### Exercise directions:
Could you print the lines below exactly, from the one holding "Some of the text" through the last line, with no other output?

### Records from a data source:
------------------------------------------------
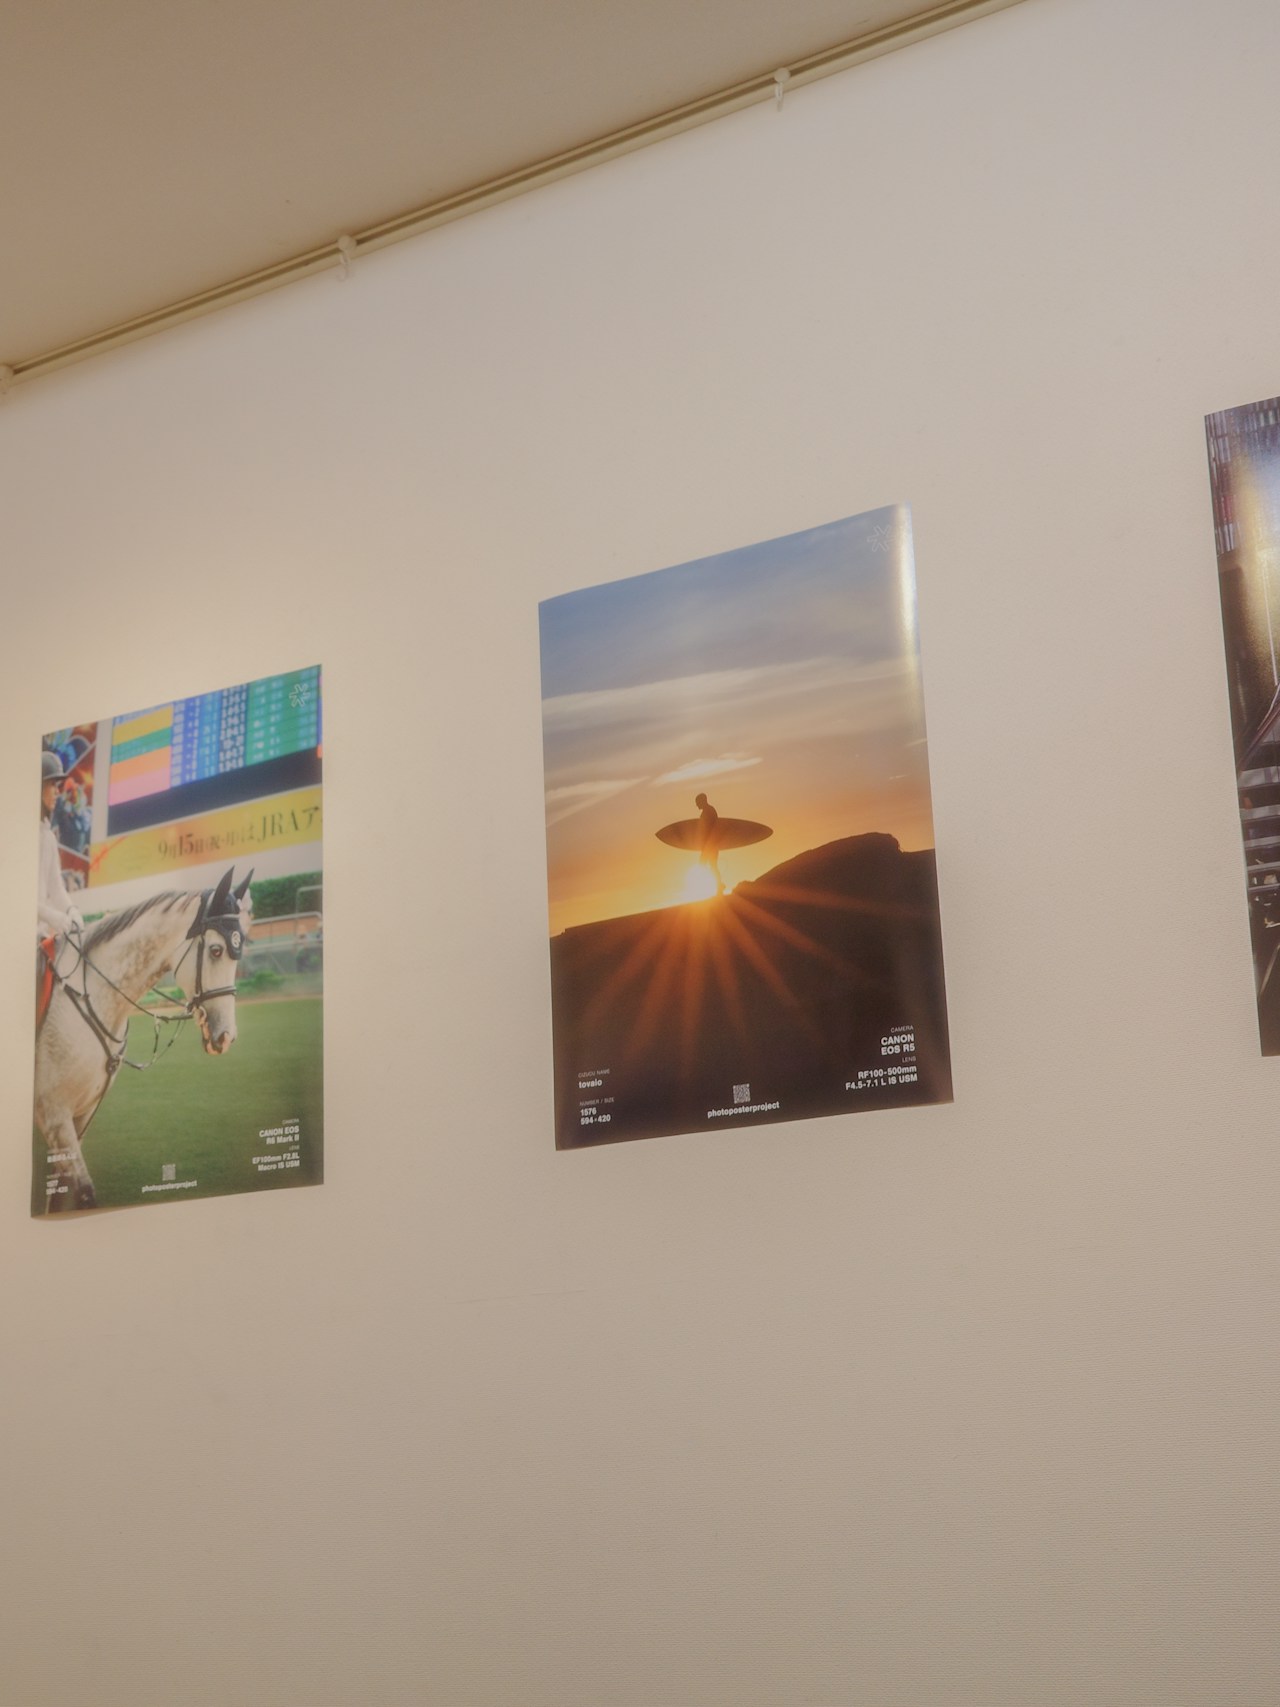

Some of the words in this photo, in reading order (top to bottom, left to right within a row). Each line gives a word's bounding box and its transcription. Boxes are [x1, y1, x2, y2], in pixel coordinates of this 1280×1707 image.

[890, 1025, 913, 1033] CAMERA
[881, 1033, 914, 1045] CANON
[881, 1045, 900, 1055] EOS
[903, 1043, 915, 1053] R5
[858, 1066, 917, 1079] RF100-500mm
[845, 1079, 878, 1091] F4.5-7.1
[881, 1078, 886, 1086] L
[888, 1076, 897, 1085] IS
[899, 1073, 918, 1083] USM
[580, 1107, 597, 1116] 1576
[707, 1101, 780, 1119] photoposterproject
[259, 1127, 284, 1137] CANON
[285, 1125, 300, 1134] EOS
[277, 1135, 293, 1144] Mark
[142, 1180, 197, 1193] photoposterproject
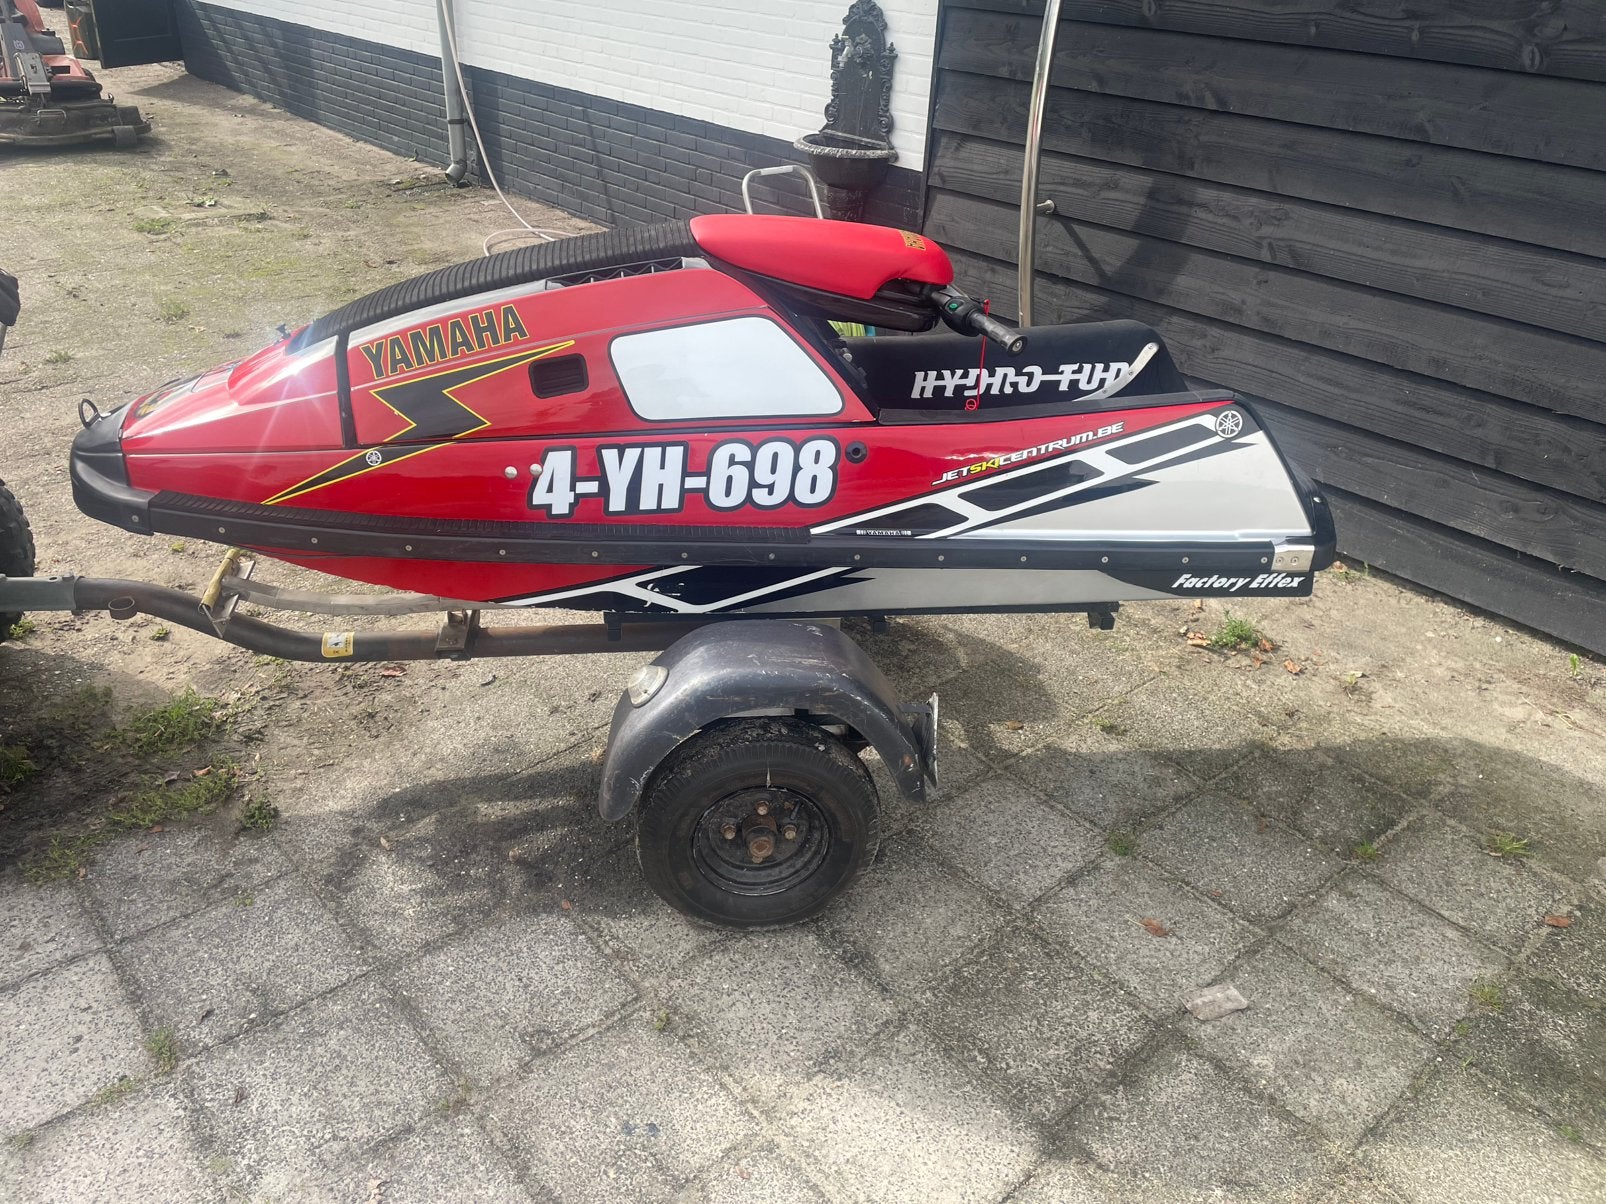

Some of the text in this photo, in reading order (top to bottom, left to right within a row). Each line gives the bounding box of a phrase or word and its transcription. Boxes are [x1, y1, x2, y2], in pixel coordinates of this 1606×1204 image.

[361, 304, 529, 379] YAMAHA
[531, 438, 838, 515] 4-YH-698
[932, 422, 1124, 485] JETSKICENTRUM.BE
[1171, 572, 1306, 592] Factory Effex
------------------------------------------------
### Solution for this exercise:
Some of the text in this photo, in reading order (top to bottom, left to right within a row). Each line gives the bounding box of a phrase or word and its transcription. Boxes are [x1, y1, x2, y2], in pixel coordinates of this 1606×1204 image.

[361, 304, 529, 379] YAMAHA
[531, 438, 838, 515] 4-YH-698
[932, 422, 1124, 485] JETSKICENTRUM.BE
[1171, 572, 1306, 592] Factory Effex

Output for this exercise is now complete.